I returned to the truck and got in. Dennis didn’t say anything. I hoped he would interpret the silence as something akin to being road weary. It took us another 30 minutes of grocery bouncing to reach Sandwash Ranger Station. Alan Jackson came onto the porch to greet us, not the singer of country songs, but who most people know as the guy that was at Mineral Bottom during several summers. He immediately went to work speaking of his latest theories conjured up during a winter at Sandwash. I must have said something inappropriate because he became abrasive and unfriendly. Later I found out that it’s a pretty bad idea to call crazy someone’s ideas after they have just spent a winter alone at Sandwash. Sorry Alan, I didn’t mean anything by it. Dennis gave me a tour of Sandwash while Alan loaded his gear into the truck to return to town for the first time in weeks. After my tour, he and Dennis headed out so they could make it back to town before dark.

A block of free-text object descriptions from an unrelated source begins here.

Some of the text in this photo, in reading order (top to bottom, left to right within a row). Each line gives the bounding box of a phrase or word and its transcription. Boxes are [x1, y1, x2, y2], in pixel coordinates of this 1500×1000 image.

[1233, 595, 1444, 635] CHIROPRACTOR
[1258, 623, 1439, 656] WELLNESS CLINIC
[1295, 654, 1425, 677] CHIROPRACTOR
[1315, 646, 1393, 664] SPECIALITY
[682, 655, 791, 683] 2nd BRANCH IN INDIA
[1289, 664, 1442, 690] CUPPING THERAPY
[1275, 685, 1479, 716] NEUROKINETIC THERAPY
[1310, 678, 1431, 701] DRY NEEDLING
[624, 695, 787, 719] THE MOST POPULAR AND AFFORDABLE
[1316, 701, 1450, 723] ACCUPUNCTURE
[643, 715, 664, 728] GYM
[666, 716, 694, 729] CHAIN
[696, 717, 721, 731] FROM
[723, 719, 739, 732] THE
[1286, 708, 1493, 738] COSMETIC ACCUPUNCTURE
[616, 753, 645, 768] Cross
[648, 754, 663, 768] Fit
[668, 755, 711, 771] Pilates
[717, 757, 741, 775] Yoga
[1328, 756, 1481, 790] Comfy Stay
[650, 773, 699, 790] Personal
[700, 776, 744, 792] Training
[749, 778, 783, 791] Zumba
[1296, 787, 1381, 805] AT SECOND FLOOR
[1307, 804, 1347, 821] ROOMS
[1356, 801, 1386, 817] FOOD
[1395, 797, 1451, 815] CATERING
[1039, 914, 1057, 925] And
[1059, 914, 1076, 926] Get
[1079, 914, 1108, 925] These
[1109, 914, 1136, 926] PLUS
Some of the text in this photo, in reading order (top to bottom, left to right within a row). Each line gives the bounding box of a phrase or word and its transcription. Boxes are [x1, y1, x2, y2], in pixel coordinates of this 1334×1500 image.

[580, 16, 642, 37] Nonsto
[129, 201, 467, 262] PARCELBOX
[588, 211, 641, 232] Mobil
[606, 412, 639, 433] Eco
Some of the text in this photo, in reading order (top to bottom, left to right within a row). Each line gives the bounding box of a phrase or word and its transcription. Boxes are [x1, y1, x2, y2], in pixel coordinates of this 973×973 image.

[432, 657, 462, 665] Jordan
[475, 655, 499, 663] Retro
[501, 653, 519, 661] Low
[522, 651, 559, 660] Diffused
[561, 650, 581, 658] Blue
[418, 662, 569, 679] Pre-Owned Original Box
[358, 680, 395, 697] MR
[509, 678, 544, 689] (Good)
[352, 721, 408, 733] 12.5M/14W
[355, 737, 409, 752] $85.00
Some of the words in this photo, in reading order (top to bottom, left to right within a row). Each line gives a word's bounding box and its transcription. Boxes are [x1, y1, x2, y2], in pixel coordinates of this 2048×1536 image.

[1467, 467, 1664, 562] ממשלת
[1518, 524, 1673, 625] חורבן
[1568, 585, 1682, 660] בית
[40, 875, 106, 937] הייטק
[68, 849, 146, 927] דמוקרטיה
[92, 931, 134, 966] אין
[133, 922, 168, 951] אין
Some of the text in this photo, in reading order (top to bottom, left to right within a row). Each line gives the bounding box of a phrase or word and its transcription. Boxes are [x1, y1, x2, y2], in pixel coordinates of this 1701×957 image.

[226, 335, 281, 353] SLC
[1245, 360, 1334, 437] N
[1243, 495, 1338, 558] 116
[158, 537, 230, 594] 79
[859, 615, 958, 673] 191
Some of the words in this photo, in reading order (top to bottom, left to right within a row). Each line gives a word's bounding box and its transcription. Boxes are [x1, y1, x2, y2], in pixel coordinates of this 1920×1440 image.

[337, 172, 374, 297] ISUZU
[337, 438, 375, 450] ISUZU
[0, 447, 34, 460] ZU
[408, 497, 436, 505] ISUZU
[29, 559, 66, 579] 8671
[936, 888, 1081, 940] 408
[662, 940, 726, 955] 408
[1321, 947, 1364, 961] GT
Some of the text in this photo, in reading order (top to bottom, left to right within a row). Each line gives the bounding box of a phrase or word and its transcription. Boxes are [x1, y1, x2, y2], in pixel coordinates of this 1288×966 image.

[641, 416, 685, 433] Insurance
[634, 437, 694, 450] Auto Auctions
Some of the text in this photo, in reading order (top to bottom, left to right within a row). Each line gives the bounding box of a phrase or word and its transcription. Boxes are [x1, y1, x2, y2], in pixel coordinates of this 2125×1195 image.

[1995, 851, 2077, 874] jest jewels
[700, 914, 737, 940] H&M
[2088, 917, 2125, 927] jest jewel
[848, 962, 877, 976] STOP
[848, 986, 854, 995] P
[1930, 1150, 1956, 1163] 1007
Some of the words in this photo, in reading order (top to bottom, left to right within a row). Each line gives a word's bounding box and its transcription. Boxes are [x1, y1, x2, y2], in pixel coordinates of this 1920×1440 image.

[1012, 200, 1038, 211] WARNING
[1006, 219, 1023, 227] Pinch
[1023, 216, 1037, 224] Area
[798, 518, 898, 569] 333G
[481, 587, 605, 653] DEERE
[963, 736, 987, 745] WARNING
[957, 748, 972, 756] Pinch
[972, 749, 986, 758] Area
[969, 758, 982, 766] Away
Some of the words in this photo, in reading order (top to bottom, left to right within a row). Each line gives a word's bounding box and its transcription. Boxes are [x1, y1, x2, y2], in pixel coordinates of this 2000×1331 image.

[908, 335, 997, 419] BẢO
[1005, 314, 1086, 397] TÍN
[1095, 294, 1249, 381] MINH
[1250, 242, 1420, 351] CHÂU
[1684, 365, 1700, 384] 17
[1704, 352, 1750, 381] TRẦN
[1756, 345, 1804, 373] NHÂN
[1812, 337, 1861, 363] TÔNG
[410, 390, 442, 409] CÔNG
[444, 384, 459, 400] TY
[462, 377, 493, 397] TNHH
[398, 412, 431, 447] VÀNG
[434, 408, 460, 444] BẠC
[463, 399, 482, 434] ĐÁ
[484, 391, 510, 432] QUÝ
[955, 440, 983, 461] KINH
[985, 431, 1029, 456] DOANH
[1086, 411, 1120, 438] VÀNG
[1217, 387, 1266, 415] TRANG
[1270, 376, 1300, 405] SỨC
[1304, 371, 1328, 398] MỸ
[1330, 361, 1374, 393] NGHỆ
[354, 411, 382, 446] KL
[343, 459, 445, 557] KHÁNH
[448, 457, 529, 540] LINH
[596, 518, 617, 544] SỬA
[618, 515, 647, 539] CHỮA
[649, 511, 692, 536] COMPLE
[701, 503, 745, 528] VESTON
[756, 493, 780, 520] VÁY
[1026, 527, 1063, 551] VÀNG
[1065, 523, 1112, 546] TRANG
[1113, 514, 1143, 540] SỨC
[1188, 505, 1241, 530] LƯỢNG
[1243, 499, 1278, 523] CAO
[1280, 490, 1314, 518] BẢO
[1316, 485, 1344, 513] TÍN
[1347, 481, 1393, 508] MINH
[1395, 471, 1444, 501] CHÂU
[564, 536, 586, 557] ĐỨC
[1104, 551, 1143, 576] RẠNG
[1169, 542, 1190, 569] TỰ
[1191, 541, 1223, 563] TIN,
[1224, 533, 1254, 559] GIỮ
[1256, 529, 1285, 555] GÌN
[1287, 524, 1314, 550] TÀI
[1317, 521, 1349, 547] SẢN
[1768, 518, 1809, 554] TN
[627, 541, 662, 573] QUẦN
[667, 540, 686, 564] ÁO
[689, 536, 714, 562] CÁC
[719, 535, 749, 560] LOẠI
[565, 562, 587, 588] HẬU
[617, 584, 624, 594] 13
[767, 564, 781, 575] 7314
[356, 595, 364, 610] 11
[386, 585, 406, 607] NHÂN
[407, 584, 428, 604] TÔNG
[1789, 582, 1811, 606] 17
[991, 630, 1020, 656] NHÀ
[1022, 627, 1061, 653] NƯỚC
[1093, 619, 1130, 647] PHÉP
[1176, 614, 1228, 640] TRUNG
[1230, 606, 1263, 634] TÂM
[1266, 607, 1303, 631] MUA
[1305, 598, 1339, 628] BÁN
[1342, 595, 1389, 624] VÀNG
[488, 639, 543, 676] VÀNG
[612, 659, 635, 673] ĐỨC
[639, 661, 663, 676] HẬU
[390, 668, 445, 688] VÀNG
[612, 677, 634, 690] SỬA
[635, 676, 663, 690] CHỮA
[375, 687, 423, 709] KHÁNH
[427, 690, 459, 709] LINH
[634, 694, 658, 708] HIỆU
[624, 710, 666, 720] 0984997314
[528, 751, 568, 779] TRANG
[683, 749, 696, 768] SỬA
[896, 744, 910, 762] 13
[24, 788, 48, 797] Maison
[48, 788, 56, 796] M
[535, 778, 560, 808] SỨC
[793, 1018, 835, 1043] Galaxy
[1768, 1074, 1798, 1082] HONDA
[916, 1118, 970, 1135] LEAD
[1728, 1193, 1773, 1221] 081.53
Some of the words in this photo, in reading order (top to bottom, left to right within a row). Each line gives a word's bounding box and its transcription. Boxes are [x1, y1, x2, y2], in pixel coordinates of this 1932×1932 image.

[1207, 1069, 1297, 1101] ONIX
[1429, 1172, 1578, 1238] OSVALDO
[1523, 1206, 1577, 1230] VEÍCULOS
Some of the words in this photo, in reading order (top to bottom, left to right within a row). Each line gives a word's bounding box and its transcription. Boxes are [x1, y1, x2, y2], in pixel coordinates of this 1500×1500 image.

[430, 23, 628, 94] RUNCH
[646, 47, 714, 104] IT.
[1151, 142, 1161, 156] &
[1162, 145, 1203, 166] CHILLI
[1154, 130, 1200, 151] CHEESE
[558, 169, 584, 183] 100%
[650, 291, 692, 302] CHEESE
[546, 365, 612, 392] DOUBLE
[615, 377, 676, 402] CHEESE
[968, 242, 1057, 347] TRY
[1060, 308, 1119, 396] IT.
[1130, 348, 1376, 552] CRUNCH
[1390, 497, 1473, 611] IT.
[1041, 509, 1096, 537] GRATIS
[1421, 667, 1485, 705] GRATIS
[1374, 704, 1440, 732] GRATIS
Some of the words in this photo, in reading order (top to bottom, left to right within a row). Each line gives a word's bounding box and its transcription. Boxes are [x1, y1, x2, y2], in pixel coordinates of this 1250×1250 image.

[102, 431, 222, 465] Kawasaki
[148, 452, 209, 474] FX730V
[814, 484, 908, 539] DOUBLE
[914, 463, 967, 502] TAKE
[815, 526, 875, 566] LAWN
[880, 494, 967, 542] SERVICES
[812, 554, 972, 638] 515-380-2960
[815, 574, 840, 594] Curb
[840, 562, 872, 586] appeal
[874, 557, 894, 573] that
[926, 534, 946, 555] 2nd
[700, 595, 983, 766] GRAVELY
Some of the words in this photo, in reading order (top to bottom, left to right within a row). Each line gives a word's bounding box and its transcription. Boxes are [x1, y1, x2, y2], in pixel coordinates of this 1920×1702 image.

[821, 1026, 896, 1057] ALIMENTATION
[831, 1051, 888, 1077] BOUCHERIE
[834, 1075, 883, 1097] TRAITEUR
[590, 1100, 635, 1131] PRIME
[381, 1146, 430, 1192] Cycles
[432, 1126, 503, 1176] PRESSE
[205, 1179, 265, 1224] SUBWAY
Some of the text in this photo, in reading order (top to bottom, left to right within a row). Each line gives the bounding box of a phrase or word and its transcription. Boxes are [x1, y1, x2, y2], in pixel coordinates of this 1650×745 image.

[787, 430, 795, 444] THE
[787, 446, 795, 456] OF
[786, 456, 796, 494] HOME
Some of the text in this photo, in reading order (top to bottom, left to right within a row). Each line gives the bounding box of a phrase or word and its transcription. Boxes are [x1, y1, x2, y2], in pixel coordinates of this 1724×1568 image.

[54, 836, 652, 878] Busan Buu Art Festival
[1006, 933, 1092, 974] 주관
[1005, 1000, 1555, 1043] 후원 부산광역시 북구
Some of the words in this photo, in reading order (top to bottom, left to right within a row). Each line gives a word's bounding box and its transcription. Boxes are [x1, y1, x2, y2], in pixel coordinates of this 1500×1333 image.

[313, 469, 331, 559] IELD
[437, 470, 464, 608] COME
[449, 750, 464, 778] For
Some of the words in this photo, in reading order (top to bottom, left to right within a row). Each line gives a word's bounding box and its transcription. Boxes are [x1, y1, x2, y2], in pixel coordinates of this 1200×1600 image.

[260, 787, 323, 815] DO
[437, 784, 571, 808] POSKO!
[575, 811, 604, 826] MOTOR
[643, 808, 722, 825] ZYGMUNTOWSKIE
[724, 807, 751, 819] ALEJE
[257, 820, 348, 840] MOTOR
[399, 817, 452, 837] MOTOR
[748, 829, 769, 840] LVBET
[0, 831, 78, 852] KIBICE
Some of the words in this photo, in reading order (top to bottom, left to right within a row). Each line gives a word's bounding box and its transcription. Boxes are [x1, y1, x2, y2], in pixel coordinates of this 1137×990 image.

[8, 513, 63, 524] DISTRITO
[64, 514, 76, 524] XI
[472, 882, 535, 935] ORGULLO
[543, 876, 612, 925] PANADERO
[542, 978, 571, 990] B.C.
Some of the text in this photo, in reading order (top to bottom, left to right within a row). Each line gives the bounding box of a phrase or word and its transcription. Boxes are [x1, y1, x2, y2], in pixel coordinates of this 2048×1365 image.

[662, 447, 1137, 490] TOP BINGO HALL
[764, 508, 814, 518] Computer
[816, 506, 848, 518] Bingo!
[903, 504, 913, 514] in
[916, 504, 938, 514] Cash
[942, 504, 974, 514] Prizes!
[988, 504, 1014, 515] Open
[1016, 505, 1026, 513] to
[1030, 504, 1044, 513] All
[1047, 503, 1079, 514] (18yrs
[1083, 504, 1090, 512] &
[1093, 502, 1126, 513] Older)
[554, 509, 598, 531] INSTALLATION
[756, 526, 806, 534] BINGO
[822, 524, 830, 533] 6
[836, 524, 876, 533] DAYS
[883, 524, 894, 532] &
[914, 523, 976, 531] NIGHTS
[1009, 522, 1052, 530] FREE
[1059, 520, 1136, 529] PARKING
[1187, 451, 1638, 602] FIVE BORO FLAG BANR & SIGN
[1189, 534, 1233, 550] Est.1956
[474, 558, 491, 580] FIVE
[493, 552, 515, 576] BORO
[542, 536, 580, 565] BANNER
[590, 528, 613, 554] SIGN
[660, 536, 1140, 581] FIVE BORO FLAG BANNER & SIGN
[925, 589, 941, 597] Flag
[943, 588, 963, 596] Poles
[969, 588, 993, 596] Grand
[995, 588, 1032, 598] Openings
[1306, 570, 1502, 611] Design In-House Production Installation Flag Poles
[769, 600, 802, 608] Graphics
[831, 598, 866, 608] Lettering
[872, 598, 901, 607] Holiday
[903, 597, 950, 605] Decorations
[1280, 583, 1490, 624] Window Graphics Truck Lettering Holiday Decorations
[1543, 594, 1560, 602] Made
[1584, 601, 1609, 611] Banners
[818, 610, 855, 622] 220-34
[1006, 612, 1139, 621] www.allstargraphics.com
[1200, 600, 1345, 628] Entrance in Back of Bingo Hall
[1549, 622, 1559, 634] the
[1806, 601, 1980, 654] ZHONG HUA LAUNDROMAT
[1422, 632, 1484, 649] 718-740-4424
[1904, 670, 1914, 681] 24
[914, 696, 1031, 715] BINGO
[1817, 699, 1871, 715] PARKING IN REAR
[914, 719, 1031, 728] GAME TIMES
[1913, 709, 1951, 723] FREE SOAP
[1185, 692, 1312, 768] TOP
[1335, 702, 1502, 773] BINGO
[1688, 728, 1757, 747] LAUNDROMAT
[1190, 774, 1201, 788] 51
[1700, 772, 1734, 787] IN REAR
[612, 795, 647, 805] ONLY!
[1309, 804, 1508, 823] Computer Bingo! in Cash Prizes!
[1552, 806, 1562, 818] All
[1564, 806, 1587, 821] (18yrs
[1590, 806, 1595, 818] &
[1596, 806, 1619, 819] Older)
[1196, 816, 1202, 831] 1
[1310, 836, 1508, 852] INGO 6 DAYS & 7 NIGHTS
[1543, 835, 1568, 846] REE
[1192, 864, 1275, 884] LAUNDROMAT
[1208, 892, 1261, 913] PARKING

I stood on the driveway in front of the porch and listened to the truck drive away. I saw no one during my first week as a river ranger at Sandwash. I was 75 miles from pavements end, the nearest telephone pole, or help in case of mishap, even if I had a phone. Almost daily, I hiked far from the station, to a rim rock where I’d sit for a long time. I would look at my lonely little desert outpost and think. I thought the greasewood was awful, and the rocks uninspiring, especially compared to Escalante. For several reasons I regretted leaving Montana. I was more than ready to go when Gordon, the next ranger, came to relieve me a week later.

Admitably, my first shift at Sandwash wasn’t very enjoyable, but little did I know what a formative place it would be prove to be in my life outdoors. I couldn’t have guessed how I would learn to appreciate the solitary sight and sound of distance, the smell of the muddy desert, the observation of a weeklong growing season, the big dipper as a timepiece, and that my relationship with the land is reciprocal.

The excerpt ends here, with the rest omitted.